First edition. 50 hand-colored aquatint plates on thick paper after T. and W. Daniell, watermarked 1808, each plate with one accompanying leaf of text. Folio. Contemporary half Russia and marbled boards. Front joint repaired, light wear to corners, light foxing to a few plates. Abbey Travel 516; Tooley 173; Colas 797; Lipperheide 1523.

Item #262720

Thomas Daniell, accompanied by his nephew William, left England on the China-bound Indiaman in 1785, returning to England by way of India in 1794. The journey, financed in part by the sale of oil paintings of their travels, was documented in William’s journal and by the publication of Oriental Scenery in 1795-1808 and A Picturesque Voyage to India, by the Way of China in 1810. The album opens with the Indiaman’s departure from Gravesend, a stop at Madiera, and a rough turn around the Cape of Good Hope. The majority of the views depict native life in Java (including shark fishing) and nautical scenes along the Chinese coast and Canton River, with some scenes of Chinese dress and manners.

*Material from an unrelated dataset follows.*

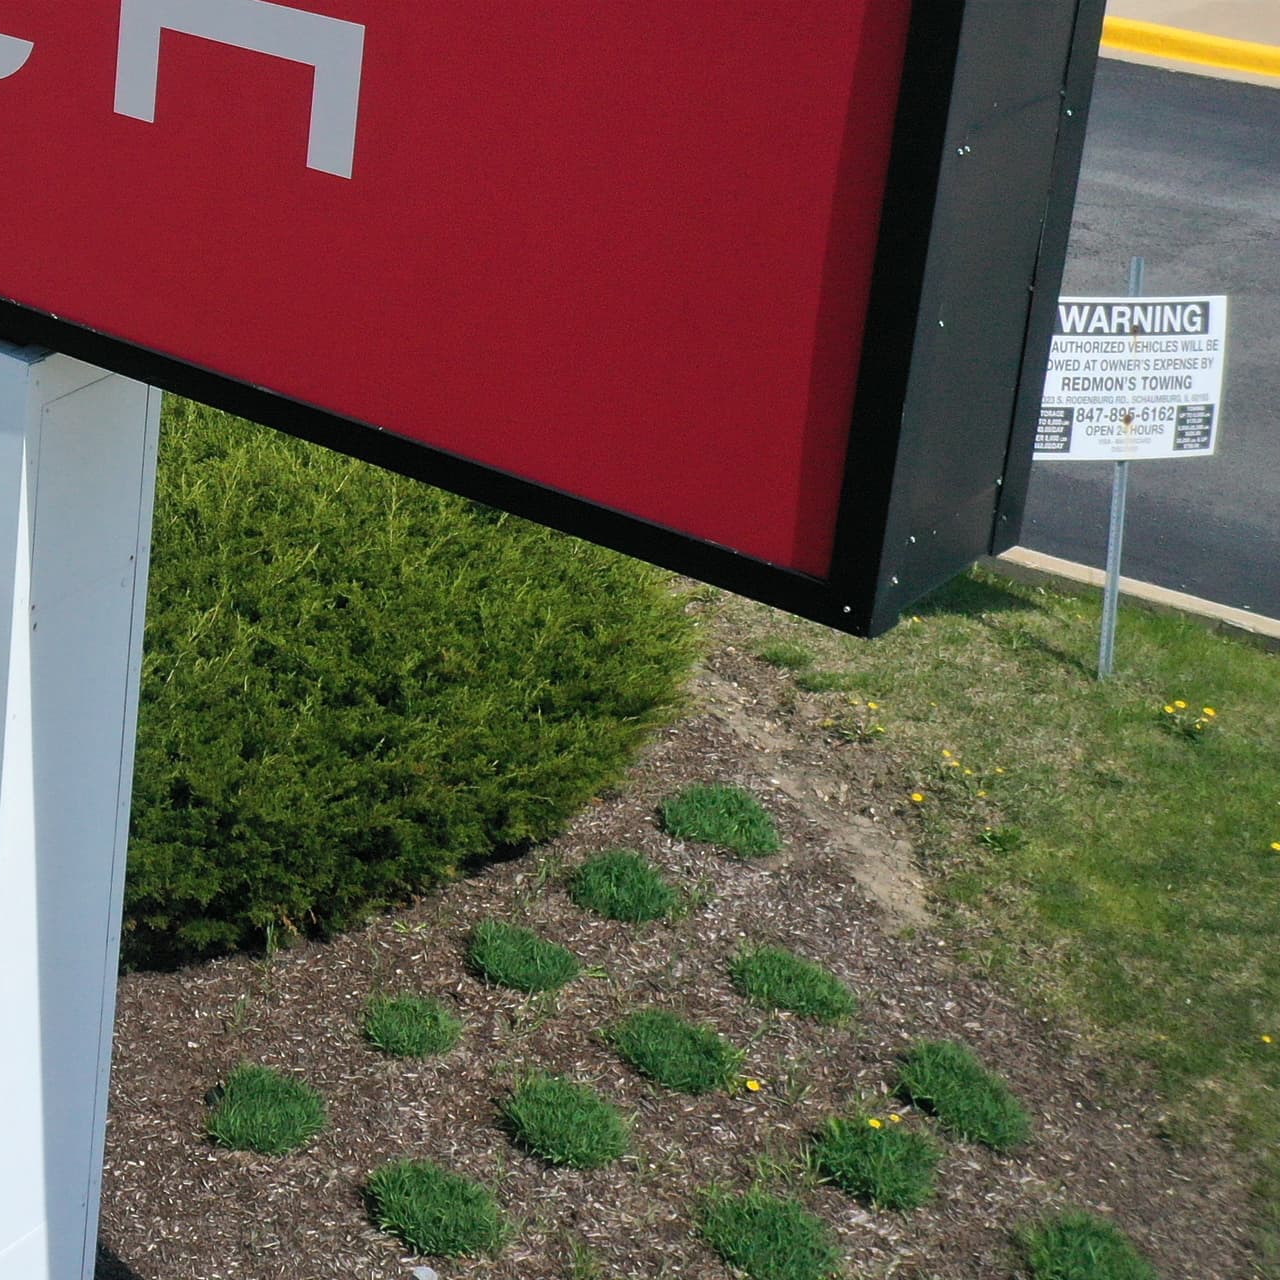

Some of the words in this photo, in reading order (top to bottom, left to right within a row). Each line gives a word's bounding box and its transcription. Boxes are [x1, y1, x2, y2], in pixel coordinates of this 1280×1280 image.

"They worked primarily in the British capital of Calcutta, restoring paintings in the Council House and the Old Court House, as well as producing the first topographical series of prints of the city ('Views of Calcutta', 1786-8, aquatint and etching), which according to contemporary diaries and inventories proved extraordinarily popular among both an Indian and a European clientele. It has been suggested that Thomas Daniell was among the first British painters to use Indian assistants in printmaking; the influence of his landscape compositions and working techniques are visible in Indian topography, c.1790-1850 (including oils after the Views in the Victoria Memorial, Calcutta). Thomas Daniell played an instrumental role in graphically documenting a wide geographical and cultural range of sites across the Indian subcontinent, travelling more extensively than any of his contemporary colonial artists, and earning him the title 'artist-adventurer'. Assisted by his nephew, Daniell made three tours: from Calcutta to Srinagar (1788-91), a circular tour from Mysore to Madras (1792-3), and in 1793 they visited Bombay and its temple sites-always sketching, drawing, and painting intensively as they travelled" (ODNB).